Not long after, out came our dishes -- and boy, what a nice sampling we shared. One of my tablemates chose the Fettuccini Alfredo Carbonara -- a big plate full of firm yet squishy noodles and chunks of crispy bacon, liberally doused with black pepper. The bacon was apparently added at the last moment to take advantage of the crunch.
Another chose the Spaghetti Bolognase -- a huge pile of noodles with a more than ample dose of meat sauce. The big lumps of beef nestled comfortably amidst the big chunks of tomato. No doubting the validity of the meat in the sauce, that's for sure.
The third chose the cheese ravioli -- big, hand rolled cheese filled pastry pillows smothered in marinara. The ravioli and many other items on the dinner menu come with two dense meatballs, big baseball sized spheres full of spices and meat. Not a whole lot of fillers here.
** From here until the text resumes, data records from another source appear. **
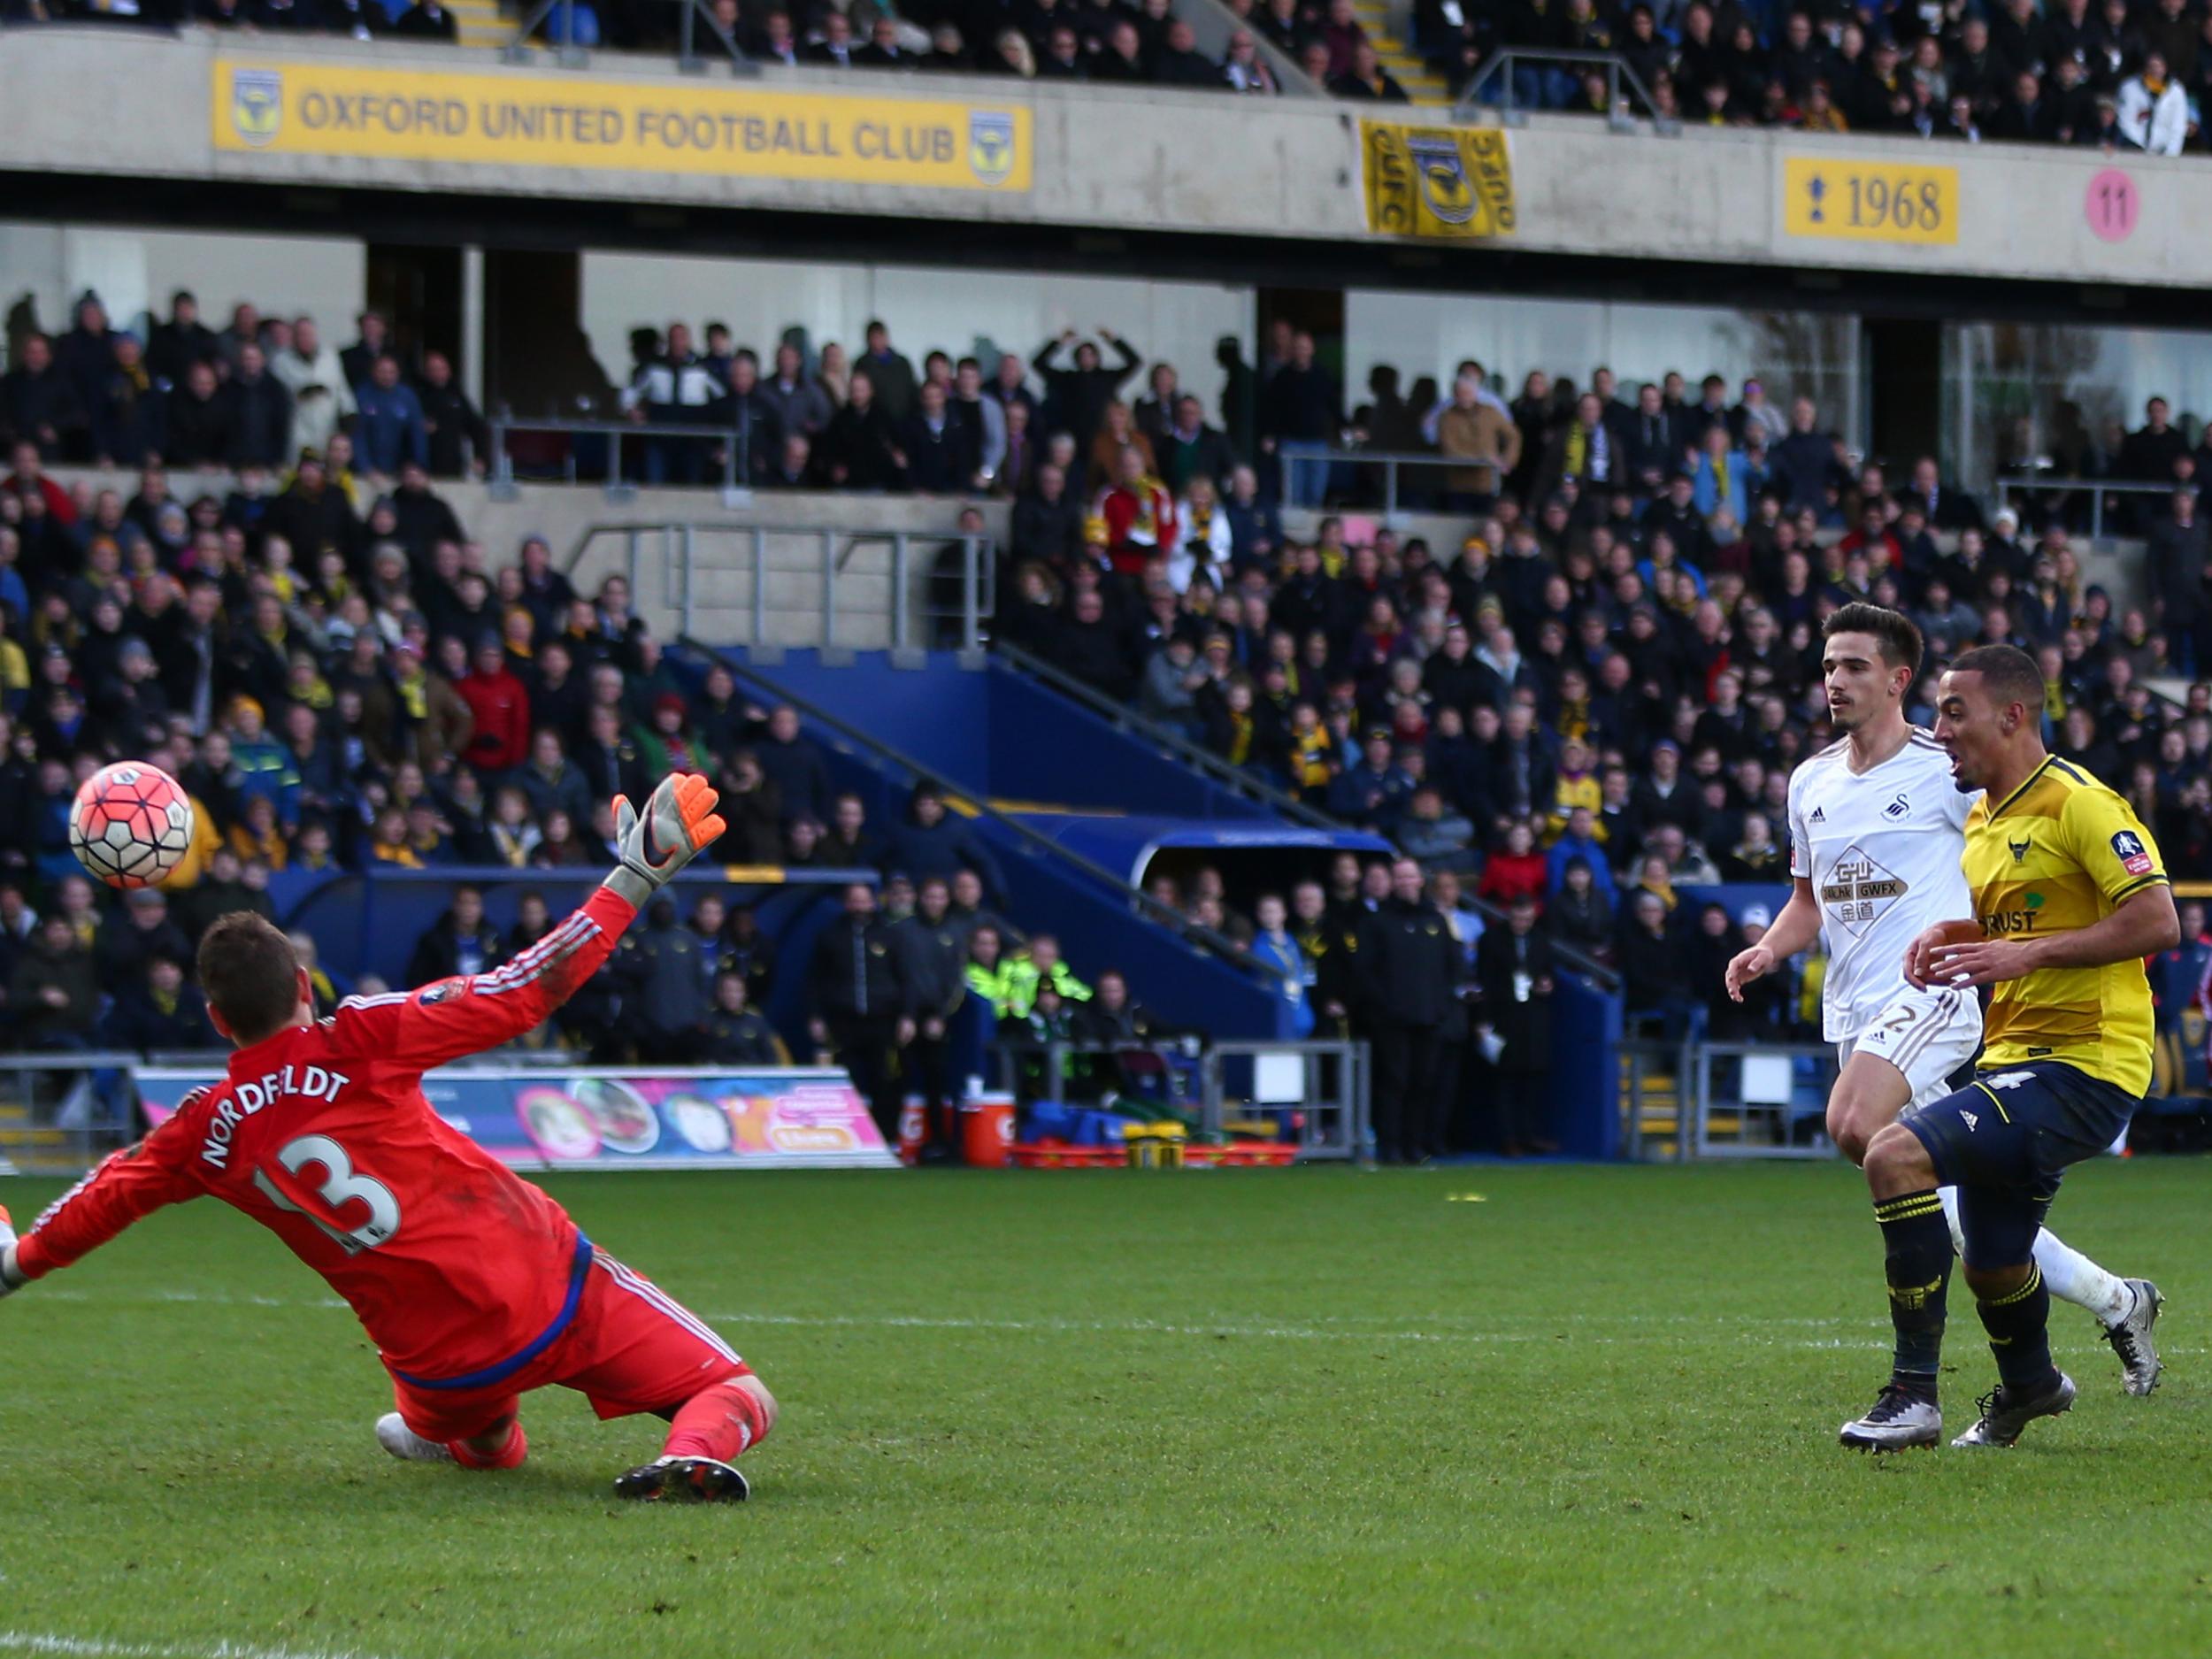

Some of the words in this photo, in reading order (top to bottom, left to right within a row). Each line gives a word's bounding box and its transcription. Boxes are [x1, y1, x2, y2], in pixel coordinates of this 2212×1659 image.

[299, 92, 467, 136] OXFORD
[482, 103, 622, 145] UNITED
[636, 111, 841, 158] FOOTBALL
[852, 121, 956, 164] CLUB
[1847, 177, 1941, 231] 1968
[2100, 184, 2128, 229] 11
[1860, 883, 1897, 897] GWFX
[201, 1064, 350, 1169] NORDFLDT
[253, 1133, 402, 1256] 13
But for me, it was all about the Gnocchi Alfredo. There isn't another place in Arkansas where I can get big, homemade gnocchi in a rich, creamy sauce. The first bite had the consistancy of a chocolate truffle with the mouthfeel and taste of hand whipped creamy mashed potatoes. Peppered and lightly salted, this is Italian comfort food at its finest. Oh, and if you don't want the Alfredo sauce, you can have the gnocchi with marinara or pesto sauce instead.In fact, there are a lot more choices to consider at Facci's. One of my usual favorites is the Veal Scaloppini, thin sliced meat that dissolves in the mouth. My husband loves the Chicken Piccata, with its bright lemony goodness. There are also great sandwiches, hand-cut fried cheese sticks, and the best toasted ravioli you'll find for 200 miles.
And at lunch, there's a great special where you can eat as much spaghetti as you like for one low, set price.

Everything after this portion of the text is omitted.